◆ **WORK REQUEST**: For every line below, set down an identical copy.

Recorded data
******

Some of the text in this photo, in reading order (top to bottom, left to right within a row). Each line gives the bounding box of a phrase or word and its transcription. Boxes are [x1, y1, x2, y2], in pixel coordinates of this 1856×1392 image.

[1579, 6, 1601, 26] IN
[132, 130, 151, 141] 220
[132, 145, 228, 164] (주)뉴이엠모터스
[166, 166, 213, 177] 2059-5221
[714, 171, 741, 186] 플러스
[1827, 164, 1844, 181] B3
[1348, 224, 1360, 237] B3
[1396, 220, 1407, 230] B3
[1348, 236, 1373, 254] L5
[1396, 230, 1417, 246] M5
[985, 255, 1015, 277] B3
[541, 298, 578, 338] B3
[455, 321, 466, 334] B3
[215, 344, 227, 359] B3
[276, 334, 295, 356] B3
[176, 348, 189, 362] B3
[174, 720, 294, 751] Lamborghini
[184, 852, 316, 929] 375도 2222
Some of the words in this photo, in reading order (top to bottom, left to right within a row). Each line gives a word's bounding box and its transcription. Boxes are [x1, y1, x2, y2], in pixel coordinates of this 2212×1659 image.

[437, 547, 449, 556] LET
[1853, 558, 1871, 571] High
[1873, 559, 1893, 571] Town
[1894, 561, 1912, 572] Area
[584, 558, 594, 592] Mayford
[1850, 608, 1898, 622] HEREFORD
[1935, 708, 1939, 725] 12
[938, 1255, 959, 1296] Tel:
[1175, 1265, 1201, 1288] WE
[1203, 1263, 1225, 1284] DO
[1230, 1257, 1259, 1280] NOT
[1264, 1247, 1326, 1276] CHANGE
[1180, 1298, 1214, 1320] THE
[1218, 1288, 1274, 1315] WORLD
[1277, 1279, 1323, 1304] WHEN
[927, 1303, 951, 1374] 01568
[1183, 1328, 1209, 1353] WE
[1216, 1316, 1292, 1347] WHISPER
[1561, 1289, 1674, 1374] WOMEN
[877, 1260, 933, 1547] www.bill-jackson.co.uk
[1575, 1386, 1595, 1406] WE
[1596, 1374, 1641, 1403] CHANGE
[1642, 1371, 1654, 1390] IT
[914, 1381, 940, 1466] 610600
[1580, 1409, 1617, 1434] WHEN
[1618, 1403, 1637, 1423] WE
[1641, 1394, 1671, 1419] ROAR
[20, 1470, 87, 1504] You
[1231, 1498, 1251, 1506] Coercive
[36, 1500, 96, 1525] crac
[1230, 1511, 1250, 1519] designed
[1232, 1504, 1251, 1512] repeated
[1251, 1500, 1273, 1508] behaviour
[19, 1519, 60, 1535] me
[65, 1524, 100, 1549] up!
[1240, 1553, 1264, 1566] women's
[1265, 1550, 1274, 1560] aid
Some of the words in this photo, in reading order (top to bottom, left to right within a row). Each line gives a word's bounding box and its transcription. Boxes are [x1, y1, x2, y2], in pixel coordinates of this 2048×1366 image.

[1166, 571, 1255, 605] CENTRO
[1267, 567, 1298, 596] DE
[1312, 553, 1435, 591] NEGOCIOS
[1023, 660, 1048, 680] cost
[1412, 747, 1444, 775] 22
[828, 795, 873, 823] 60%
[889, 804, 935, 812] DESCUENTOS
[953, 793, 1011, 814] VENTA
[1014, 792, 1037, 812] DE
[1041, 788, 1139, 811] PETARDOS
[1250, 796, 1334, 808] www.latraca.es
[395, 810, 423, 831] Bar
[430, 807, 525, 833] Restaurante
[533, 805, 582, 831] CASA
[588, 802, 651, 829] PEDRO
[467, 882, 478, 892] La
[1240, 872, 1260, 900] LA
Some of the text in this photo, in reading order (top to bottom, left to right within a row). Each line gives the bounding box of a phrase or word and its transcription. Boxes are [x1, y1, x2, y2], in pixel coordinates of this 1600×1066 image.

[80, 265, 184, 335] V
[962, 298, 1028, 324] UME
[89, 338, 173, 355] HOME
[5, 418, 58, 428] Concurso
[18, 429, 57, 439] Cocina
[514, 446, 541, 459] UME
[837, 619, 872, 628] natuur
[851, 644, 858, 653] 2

******

◆ **EXERCISE RESPONSE**:
Some of the text in this photo, in reading order (top to bottom, left to right within a row). Each line gives the bounding box of a phrase or word and its transcription. Boxes are [x1, y1, x2, y2], in pixel coordinates of this 1856×1392 image.

[1579, 6, 1601, 26] IN
[132, 130, 151, 141] 220
[132, 145, 228, 164] (주)뉴이엠모터스
[166, 166, 213, 177] 2059-5221
[714, 171, 741, 186] 플러스
[1827, 164, 1844, 181] B3
[1348, 224, 1360, 237] B3
[1396, 220, 1407, 230] B3
[1348, 236, 1373, 254] L5
[1396, 230, 1417, 246] M5
[985, 255, 1015, 277] B3
[541, 298, 578, 338] B3
[455, 321, 466, 334] B3
[215, 344, 227, 359] B3
[276, 334, 295, 356] B3
[176, 348, 189, 362] B3
[174, 720, 294, 751] Lamborghini
[184, 852, 316, 929] 375도 2222
Some of the words in this photo, in reading order (top to bottom, left to right within a row). Each line gives a word's bounding box and its transcription. Boxes are [x1, y1, x2, y2], in pixel coordinates of this 2212×1659 image.

[437, 547, 449, 556] LET
[1853, 558, 1871, 571] High
[1873, 559, 1893, 571] Town
[1894, 561, 1912, 572] Area
[584, 558, 594, 592] Mayford
[1850, 608, 1898, 622] HEREFORD
[1935, 708, 1939, 725] 12
[938, 1255, 959, 1296] Tel:
[1175, 1265, 1201, 1288] WE
[1203, 1263, 1225, 1284] DO
[1230, 1257, 1259, 1280] NOT
[1264, 1247, 1326, 1276] CHANGE
[1180, 1298, 1214, 1320] THE
[1218, 1288, 1274, 1315] WORLD
[1277, 1279, 1323, 1304] WHEN
[927, 1303, 951, 1374] 01568
[1183, 1328, 1209, 1353] WE
[1216, 1316, 1292, 1347] WHISPER
[1561, 1289, 1674, 1374] WOMEN
[877, 1260, 933, 1547] www.bill-jackson.co.uk
[1575, 1386, 1595, 1406] WE
[1596, 1374, 1641, 1403] CHANGE
[1642, 1371, 1654, 1390] IT
[914, 1381, 940, 1466] 610600
[1580, 1409, 1617, 1434] WHEN
[1618, 1403, 1637, 1423] WE
[1641, 1394, 1671, 1419] ROAR
[20, 1470, 87, 1504] You
[1231, 1498, 1251, 1506] Coercive
[36, 1500, 96, 1525] crac
[1230, 1511, 1250, 1519] designed
[1232, 1504, 1251, 1512] repeated
[1251, 1500, 1273, 1508] behaviour
[19, 1519, 60, 1535] me
[65, 1524, 100, 1549] up!
[1240, 1553, 1264, 1566] women's
[1265, 1550, 1274, 1560] aid
Some of the words in this photo, in reading order (top to bottom, left to right within a row). Each line gives a word's bounding box and its transcription. Boxes are [x1, y1, x2, y2], in pixel coordinates of this 2048×1366 image.

[1166, 571, 1255, 605] CENTRO
[1267, 567, 1298, 596] DE
[1312, 553, 1435, 591] NEGOCIOS
[1023, 660, 1048, 680] cost
[1412, 747, 1444, 775] 22
[828, 795, 873, 823] 60%
[889, 804, 935, 812] DESCUENTOS
[953, 793, 1011, 814] VENTA
[1014, 792, 1037, 812] DE
[1041, 788, 1139, 811] PETARDOS
[1250, 796, 1334, 808] www.latraca.es
[395, 810, 423, 831] Bar
[430, 807, 525, 833] Restaurante
[533, 805, 582, 831] CASA
[588, 802, 651, 829] PEDRO
[467, 882, 478, 892] La
[1240, 872, 1260, 900] LA
Some of the text in this photo, in reading order (top to bottom, left to right within a row). Each line gives the bounding box of a phrase or word and its transcription. Boxes are [x1, y1, x2, y2], in pixel coordinates of this 1600×1066 image.

[80, 265, 184, 335] V
[962, 298, 1028, 324] UME
[89, 338, 173, 355] HOME
[5, 418, 58, 428] Concurso
[18, 429, 57, 439] Cocina
[514, 446, 541, 459] UME
[837, 619, 872, 628] natuur
[851, 644, 858, 653] 2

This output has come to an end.